In a multi-district litigation, the district court had previously granted summary judgment in favor of the defendants on the issue of willful infringement. After the Supreme Court’s decision in Halo Electronics, Inc. v. Pulse Electronics, Inc., the plaintiff moved to reconsider the ruling on the ground that the substantive legal standard required for a finding of enhanced damages due to willful infringement had changed.

In response, the defendants argued that the plaintiff’s motion was futile because the plaintiff had failed to identify any facts that would suggest egregious conduct subject to enhanced damages. The defendants also argued that if the motion was granted, then they should be permitted time to take discovery on the issue of willfulness and file appropriate motions after the discovery was completed.

The district court began its analysis by noting that the previous decision relied exclusively on In re Seagate Technology, LLC in granting summary judgment of no willful infringement and found “Plaintiff cannot satisfy its burden of establishing by clear and convincing evidence that Defendants’ actions were objectively reckless.” The district court then explained that “[t]he Supreme Court expressly rejected this legal standard in Halo. Halo, 2016 WL 3221515, at *8. In Halo, the Court found, the ‘subjective willfulness of a patent infringer, intentional or knowing, may warrant enhanced damages, without regard to whether his infringement was objectively reckless.’ Id. In doing so, the Halo Court expressly abrogated the two-prong test required by Seagate. Id. at *3.”

As a result, the district court concluded that “prospectively applying the August 28, 2015 order would not be consistent with the current state of the law on enhanced damages. Thus, the August 28, 2015 grant of summary judgment on Plaintiff’s claim of willful infringement is vacated.”

The district court also concluded that the issue of willfulness remains a factual question reserved for the jury, for which there were disputed issues of fact that would preclude a future summary judgment motion. “In addition, the question of subjective willfulness under the current state of the law is typically a determination reserved for the jury. Traditionally, the subjective “second-prong” of Seagate has been viewed as a question of fact. Bard Peripheral Vascular, Inc. v. W.L. Gore & Associates, Inc., 682 F.3d 1003, 1006 (Fed. Cir. 2012). Post-Halo, at least one court has reasoned that the question of subjective willfulness remains a factual inquiry reserved for the jury. Presidio Components, Inc. v. Am. Technical Ceramics Corp., No. 3:14-cv-02061, Doc. No. 368 at 27 (S.D. Cal. June 17, 2016) (explaining that the Supreme Court in Halo did not hold that a jury may not make a finding as to subjective willfulness in denying judgment as a matter of law). This Court agrees. Here, the pre-trial record reveals factual disputes such that the question of subjective willfulness must be decided by the jury. Should Plaintiff fail to present sufficient evidence for a jury determination of subjective willfulness, such failure can of course be the subject of a Rule 50 motion. Ultimately, this Court will decide whether it is appropriate to award enhanced damages in this case, and, if so, in what amount. 35 U.S.C. ยง 284; Halo, 2016 WL 3221515, at *8.”
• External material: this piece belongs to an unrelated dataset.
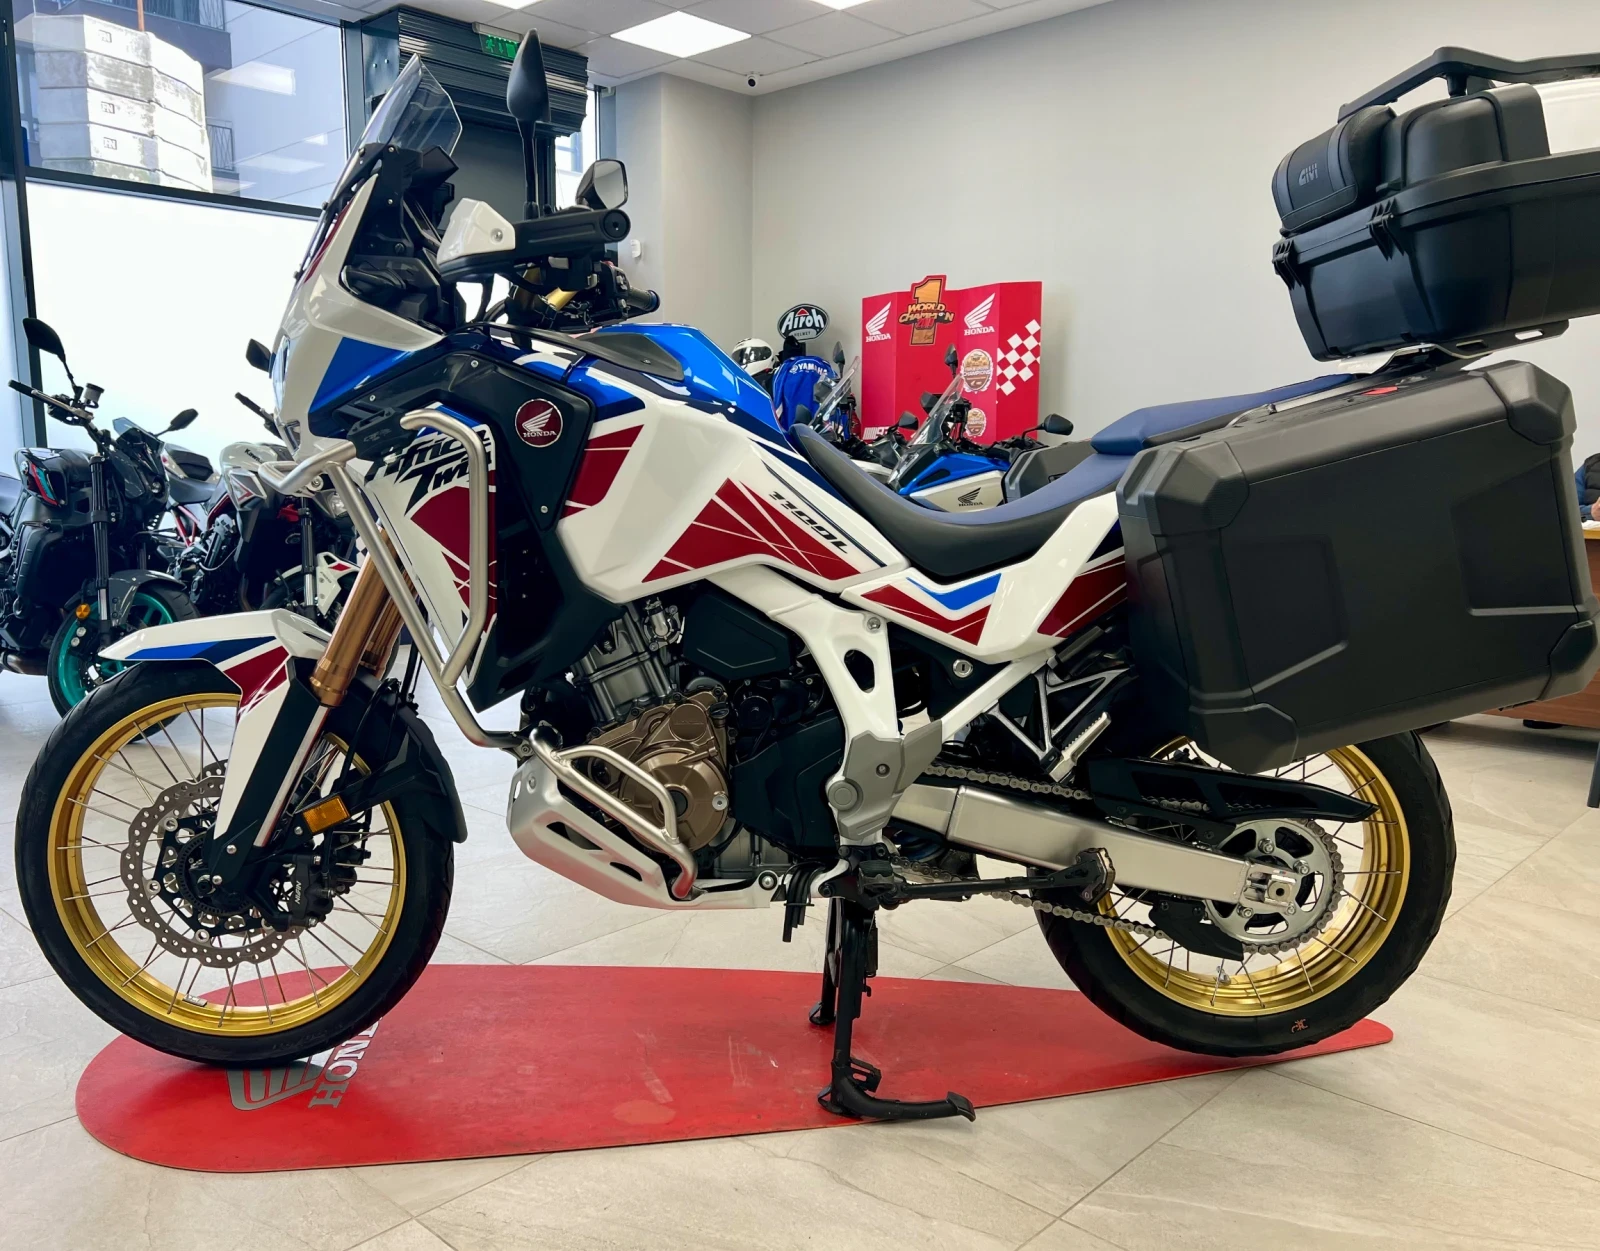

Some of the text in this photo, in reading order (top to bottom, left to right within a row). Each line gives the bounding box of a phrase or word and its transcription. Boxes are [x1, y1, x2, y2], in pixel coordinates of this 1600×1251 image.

Finally, the district court denied the request for additional discovery given the time the case had been pending and the extensive discovery already conducted. “The instant action has been active since October 21, 2010 and is set for trial to start on July 18, 2016. The parties have already exchanged extensive discovery throughout the course of this litigation and discovery has long been closed. The evidence that will be permitted at trial is only that evidence which has already been disclosed through discovery.”

Transdata, Inc. v. Denton Municipal Electric and Oncor Electric Delivery Company, LLC
, Case No. 6:10-cv-00557-RWS-JDL (E.D. Tex. June 29, 2016)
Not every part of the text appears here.